Judge Confirms Arbitration Ruling Against Nokia
A New York federal judge has confirmed an arbitration ruling that could lead to Nokia Corp. paying InterDigital Communications Corp. as much as $252 million in royalties, the latter company
December 30, 2005
A New York federal judge has confirmed an arbitration ruling that could lead to Nokia Corp. paying InterDigital Communications Corp. as much as $252 million in royalties, the latter company says.
The Wednesday decision confirms the June ruling by the International Court of Arbitration of the International Chamber of Commerce, which established royalty rates for Nokia products using InterDigital's wireless technology from Jan. 1, 2002, through Dec. 31, 2006.
InterDigital estimates that royalty obligations for covered infrastructure and handset sales would be in the range of $232 million to $252 million.
"I am pleased with today's court decision," William J. Merritt, president and chief executive of InterDigital, said in a statement. "We have always believed that any challenge to the final award would ultimately fail. In rejecting all of Nokia's arguments, the federal court confirmed our belief."

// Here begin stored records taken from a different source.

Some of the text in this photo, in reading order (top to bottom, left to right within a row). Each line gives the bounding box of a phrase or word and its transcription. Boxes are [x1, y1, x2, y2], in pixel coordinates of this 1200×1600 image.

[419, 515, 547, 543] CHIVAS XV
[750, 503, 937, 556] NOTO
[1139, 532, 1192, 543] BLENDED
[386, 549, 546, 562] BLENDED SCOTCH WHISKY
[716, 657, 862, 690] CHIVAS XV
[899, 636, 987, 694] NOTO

Merritt said if the Finnish handset maker doesn't follow the arbitration decision, which stems from a licensing dispute between the companies, then InterDigital would "continue to pursue all legal remedies to secure payment.""We remain confident that Nokia will pay the amounts due, either of its own accord or by court order," he said.
The licensing dispute stems from a February 1999 technology development and patent license agreement between the two companies, InterDigital said.